En su exposición también rechazó una visión restringida del desarrollo local que limite la acción de las empresas sólo a las comunidades inmediatas donde operan. Defendió una idea más integral de provincia y planteó que el futuro ingeniero que permita mejorar Vaca Muerta puede surgir en cualquier rincón del territorio, incluso en una comunidad mapuche cordillerana. Esa mirada vuelve a mostrar que, para Figueroa, el shale debe ser pensado no sólo como negocio, sino como parte de un proyecto de desarrollo más amplio.
Sobre el final, llevó su argumento a una metáfora deportiva. Dijo que para competir con Estados Unidos no alcanza con tener recurso: hay que jugar en equipo. Y en ese equipo incluyó al Gobierno nacional, las provincias, las operadoras, los trabajadores y los sindicatos. Con esa imagen cerró una intervención que no se limitó a defender a Neuquén, sino que también buscó poner en valor a Río Negro y a toda la Patagonia productiva como protagonistas de una transformación que, según dejó en claro, no puede seguir siendo leída con ojos exclusivamente porteños.

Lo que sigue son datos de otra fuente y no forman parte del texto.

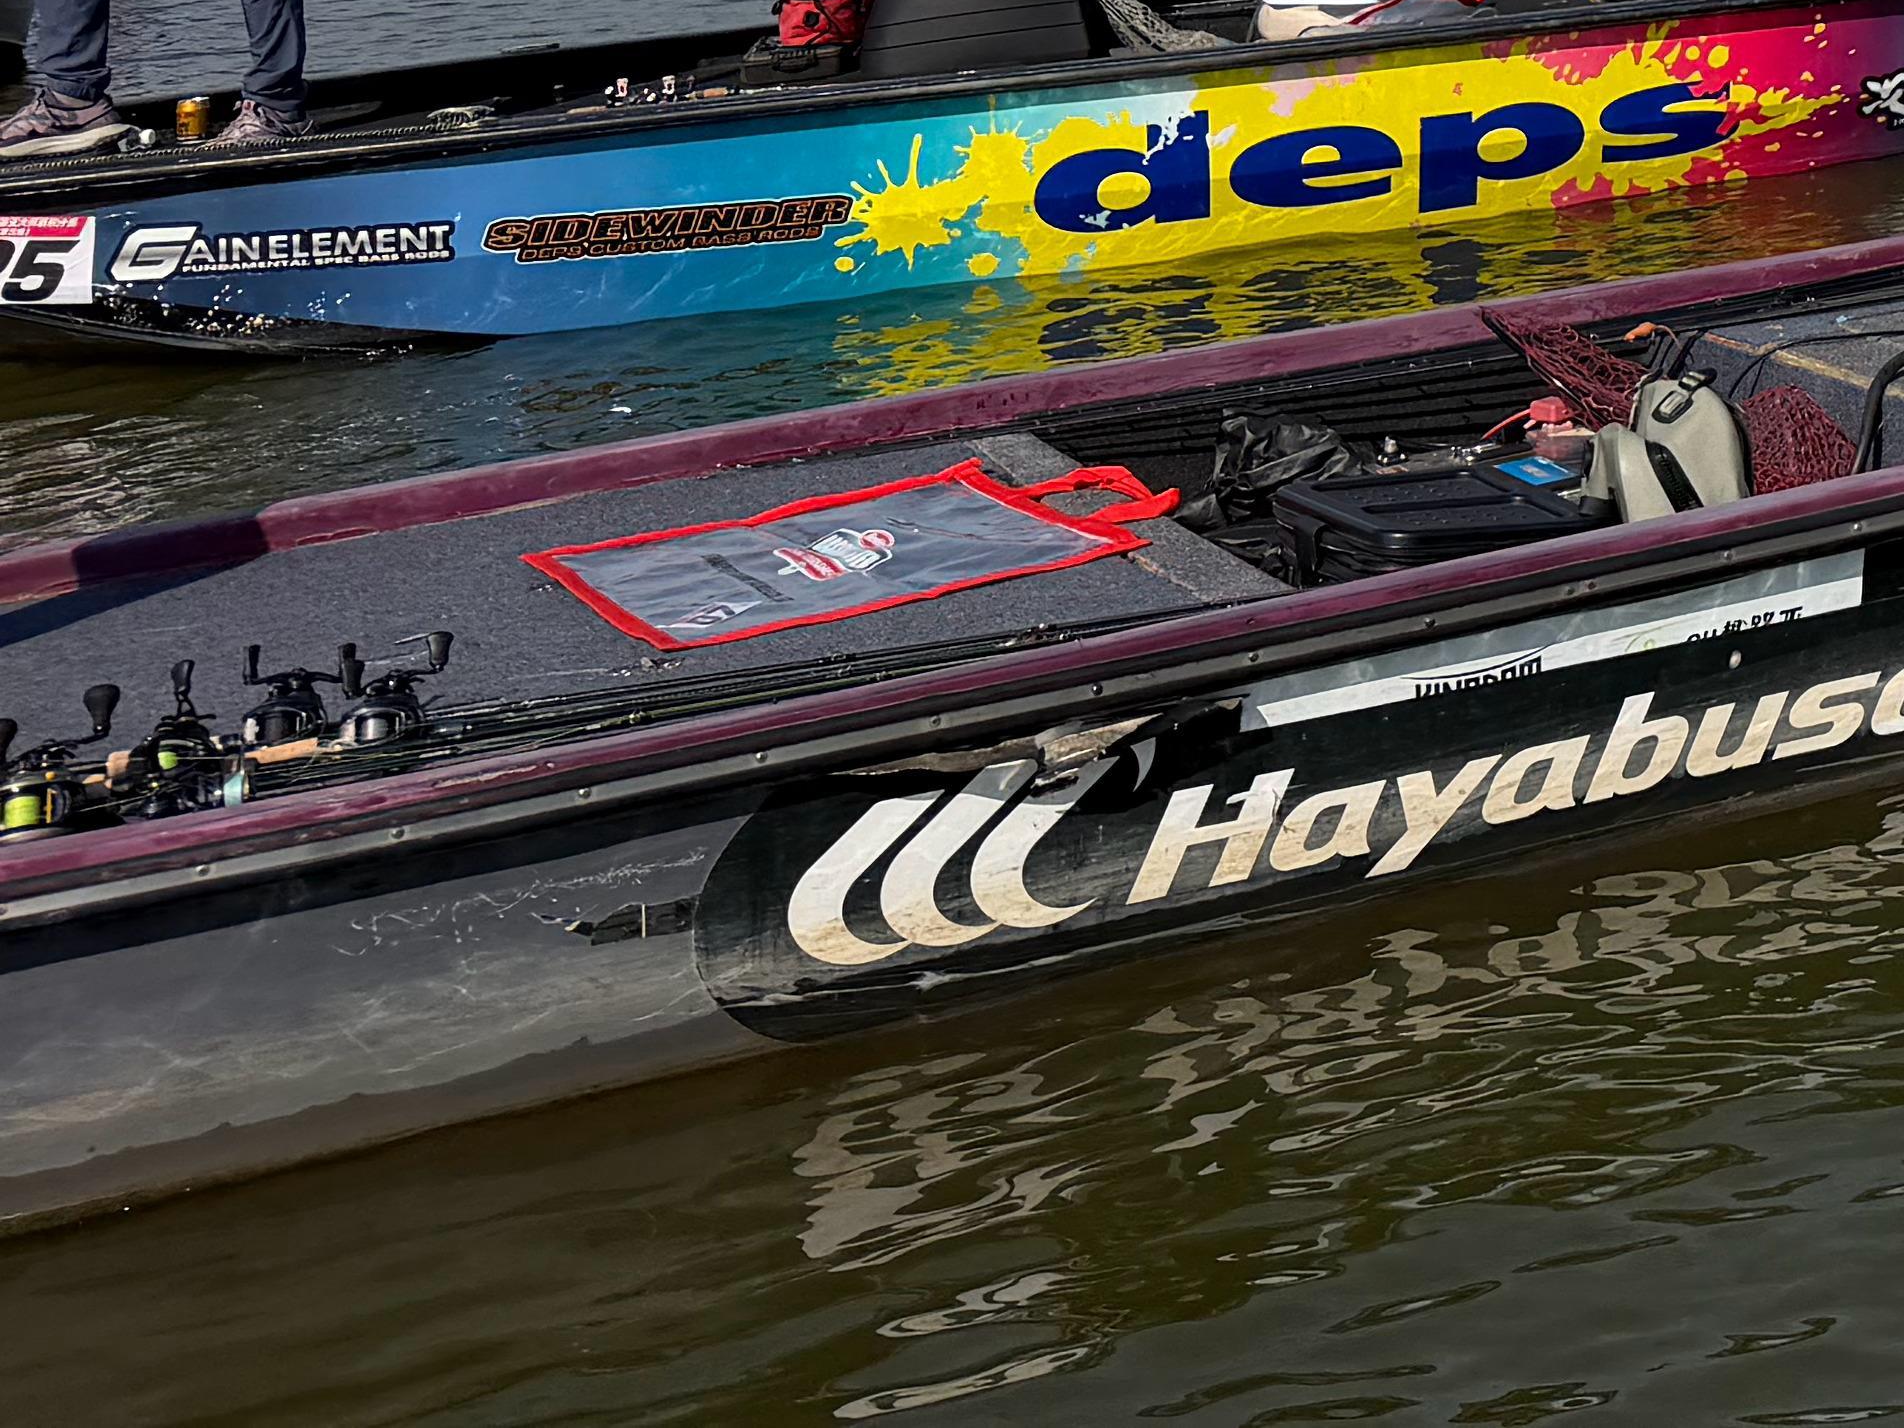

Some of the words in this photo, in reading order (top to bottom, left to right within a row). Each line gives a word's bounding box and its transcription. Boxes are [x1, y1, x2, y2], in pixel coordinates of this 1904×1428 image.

[1033, 81, 1736, 233] deps
[488, 197, 854, 249] SIDEWINDER
[182, 258, 311, 273] FUNDAMENTAL
[315, 254, 353, 265] SPEC
[358, 252, 400, 264] BASS
[405, 249, 450, 260] RODS

La intervención de Figueroa dejó así una de las definiciones políticas más fuertes del foro. Frente a una narrativa que muchas veces reduce Vaca Muerta a un reservorio extraordinario, el gobernador respondió con una idea más incómoda y más realista: el shale no se sostiene solo. Se sostiene con territorio, con Estado, con infraestructura, con licencia social y con provincias que cargan sobre sus espaldas buena parte del esfuerzo que permite convertir una roca en una oportunidad concreta para la Argentina.